I am surprised the agency is not proposing to create a green crab advisory council or green crab management zones. Here’s my take on the situation. Someone has found a market for green crabs and is making some money selling them. Word got out. Since there is no specific law or regulation in place for the state to tax, license or otherwise benefit from the entrepreneurial activities of green crab fishers, someone must have thought there is no time like the present for the state to exert its might and collect revenue from these folks.

To the best of my knowledge, a lobster license doubles as a “crab” license. Crab is generally defined as one of two commercial species: rock crab (Cancer irroratus) and jonah crab (Cancer borealis). It would not take much to add green crab (Carcinus maenas) to this list entitling every lobster fisher to legally possess green crabs. What about people who want to trap green crabs that do not have (and cannot obtain) a license to fish lobsters? A number of solutions exist that are much easier to implement than creating a full-fledged green crab management plan.

These include but are not limited to purchasing green crabs from licensed lobster fishers, permitting people to fish specially designed traps in the intertidal zone (where relatively few commercial size lobsters occur) as is done in some southern Maine communities such as Wells and Scarborough, or simply allowing people to fish for green crabs using whatever means they wish – if they catch lobsters they are not entitled to, then they must put them back, just as scallop, mussel or quahog draggers must do when their incidental catch includes lobsters.

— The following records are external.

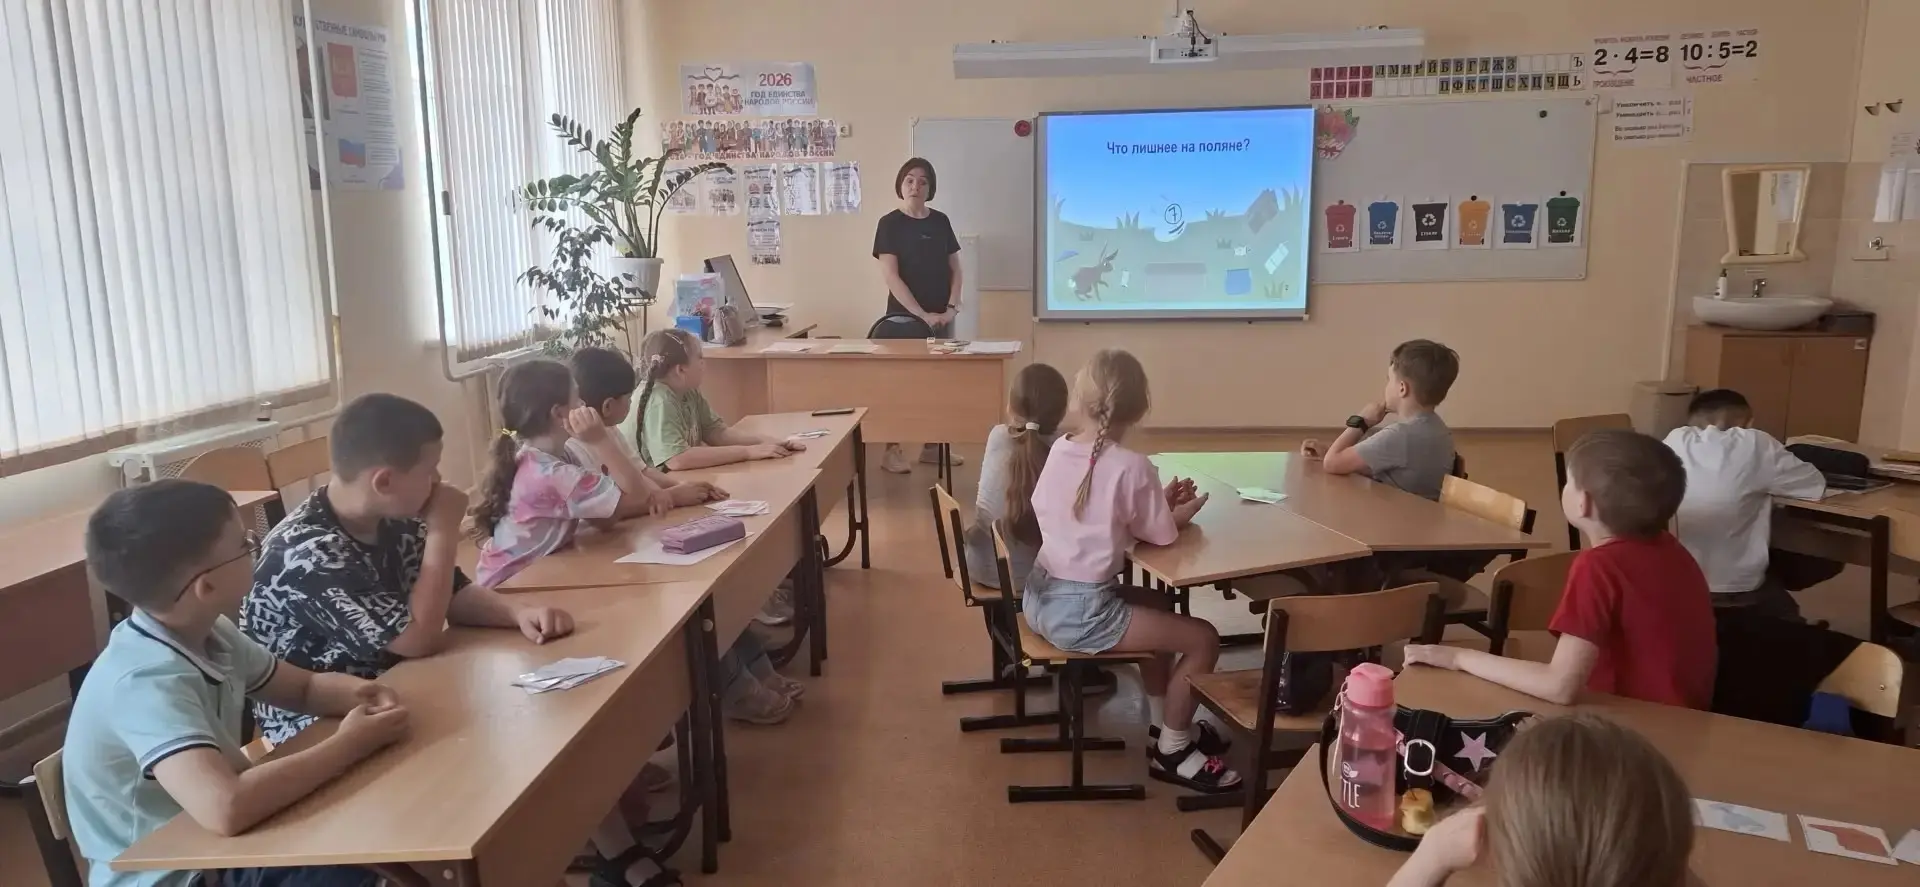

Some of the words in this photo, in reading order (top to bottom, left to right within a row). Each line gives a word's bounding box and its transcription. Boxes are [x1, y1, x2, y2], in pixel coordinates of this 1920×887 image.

[1594, 48, 1607, 65] 2
[1680, 44, 1703, 61] 10
[1388, 65, 1399, 75] М
[1415, 63, 1423, 74] Р
[1441, 61, 1449, 72] Б
[1455, 61, 1463, 72] В
[1469, 60, 1476, 71] Г
[1480, 60, 1488, 72] Д
[1493, 60, 1504, 71] Ж
[1507, 59, 1515, 70] З
[1574, 56, 1583, 67] Ъ
[759, 73, 792, 86] 2026
[1440, 80, 1449, 91] П
[1453, 79, 1464, 90] Ф
[1467, 79, 1476, 90] К
[1480, 78, 1489, 90] Т
[1492, 78, 1502, 89] Ш
[1506, 78, 1514, 88] С
[1520, 77, 1528, 88] Х
[1546, 76, 1554, 87] Ч
[1573, 75, 1581, 86] Ь
[1686, 74, 1723, 83] ЧАСТНОЕ
[768, 90, 805, 98] ЕДИНСТВА
[1107, 141, 1128, 155] Что
[1131, 142, 1178, 155] лишнее
[1181, 143, 1195, 153] на
[1198, 138, 1251, 153] поляне?
[694, 152, 712, 160] ГОД
[1342, 779, 1361, 809] TLE
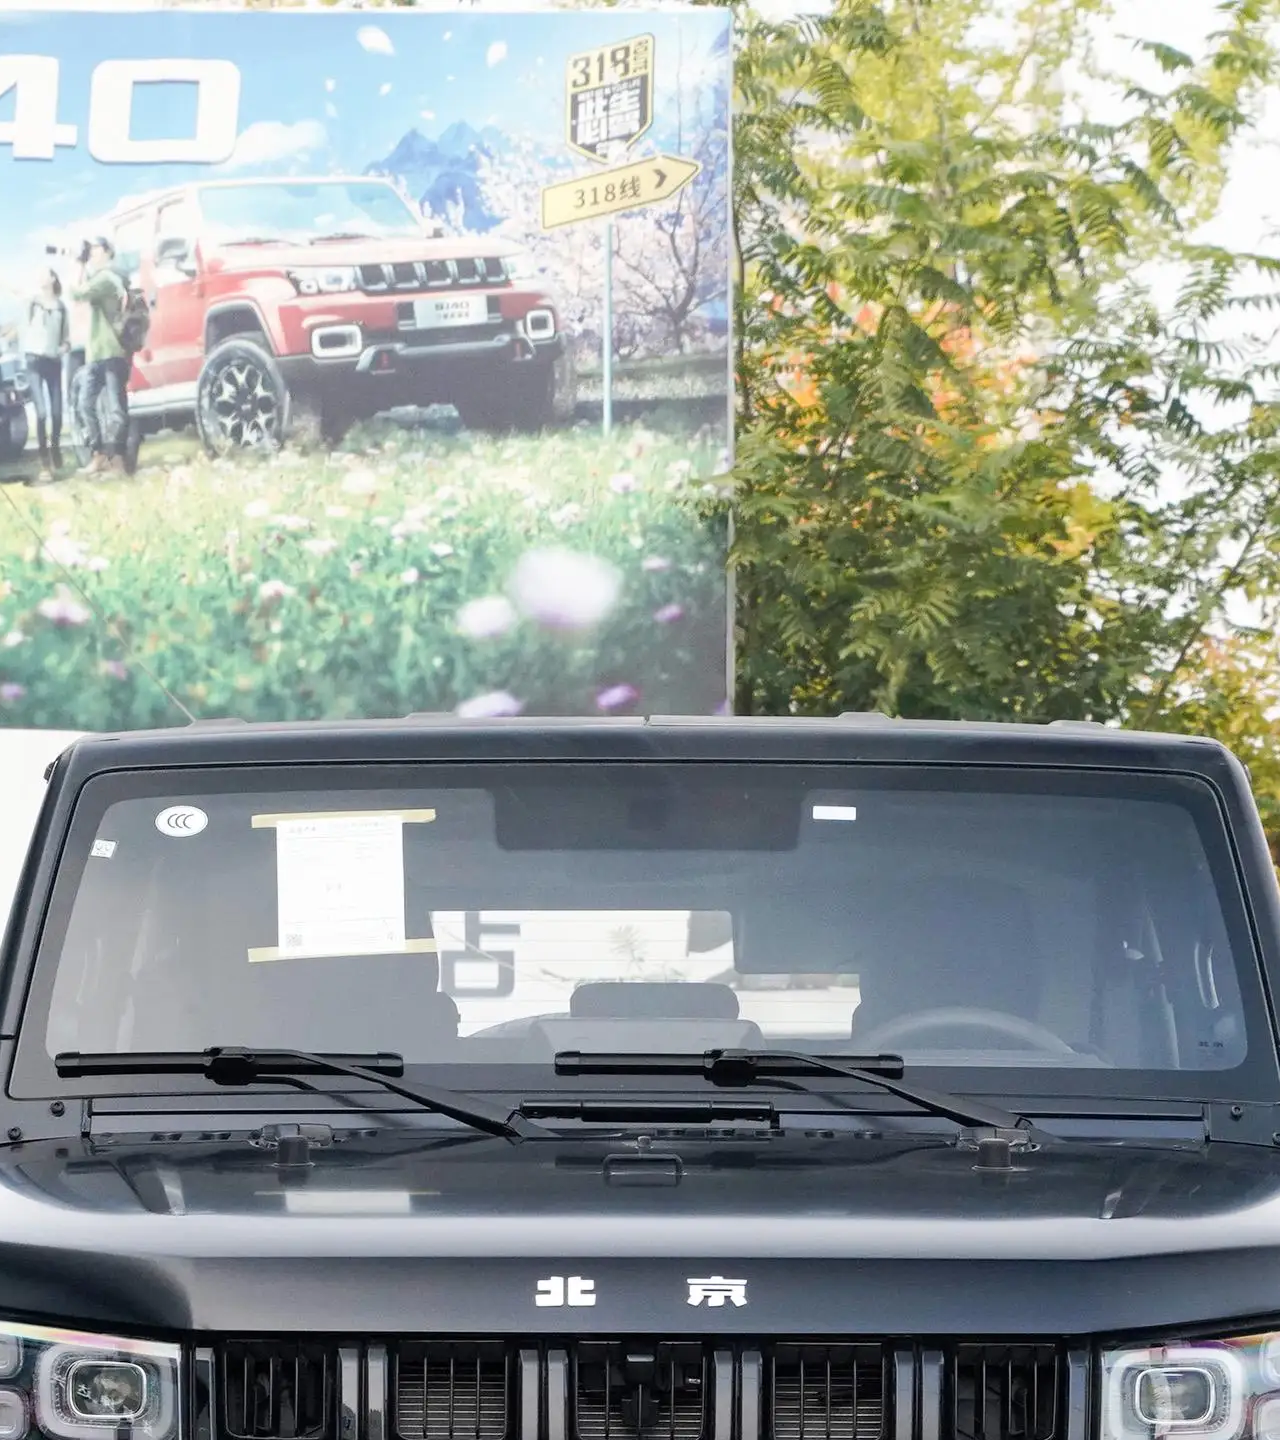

Setting up an entire regulatory system for green crabs will discourage rather than encourage people to fish for this non-endemic animal. In my opinion, we should do everything we can to encourage a green crab fishery, and, if it goes the way of other “managed” fisheries such as sea urchins, whelks, sea cucumbers, etc. (that is, boom-and-bust), that would be just great because, from a purely ecological point of view, the green crab doesn’t belong here. Most of the species that live in our coastal waters (commercial or otherwise) have not evolved defenses to deal with this predator and are easy targets for its foraging activities.

Green crabs were accidentally introduced to the United States sometime around the time of the Civil War (1860s) and they thrived and began to move north and south from their supposed port of entry (somewhere near Long Island, N.Y.). In 1968, John Ropes, a marine biologist who worked at the Woods Hole Oceanographic Institute, published his work on the diet of green crabs and found that they consume more than 100 different species from clams and mussels to barnacles, dogwhelks, marine worms, sea urchins, and even small lobsters.

This same green crab has finally established itself along the U.S. West Coast and is causing havoc with wild and cultured shellfish industries in northern California, Oregon and Washington. Scientists in those states are documenting the ecological devastation that is occurring along those coasts, and fishers and culturists are beginning to feel the economic consequences of an exotic species running rampant.

Because few people in Maine today remember or realize that there was a time when green crabs did not exist along our coast doesn’t mean that we should ignore history. We should forget about managing green crabs and do all we can do to get rid of the vermin – I suspect a lot of clammers and other commercial fishers whose catch may be affected negatively by the predatory activities of green crabs would agree.

Brian F. Beal is an associate professor of marine ecology at the University of Maine at Machias.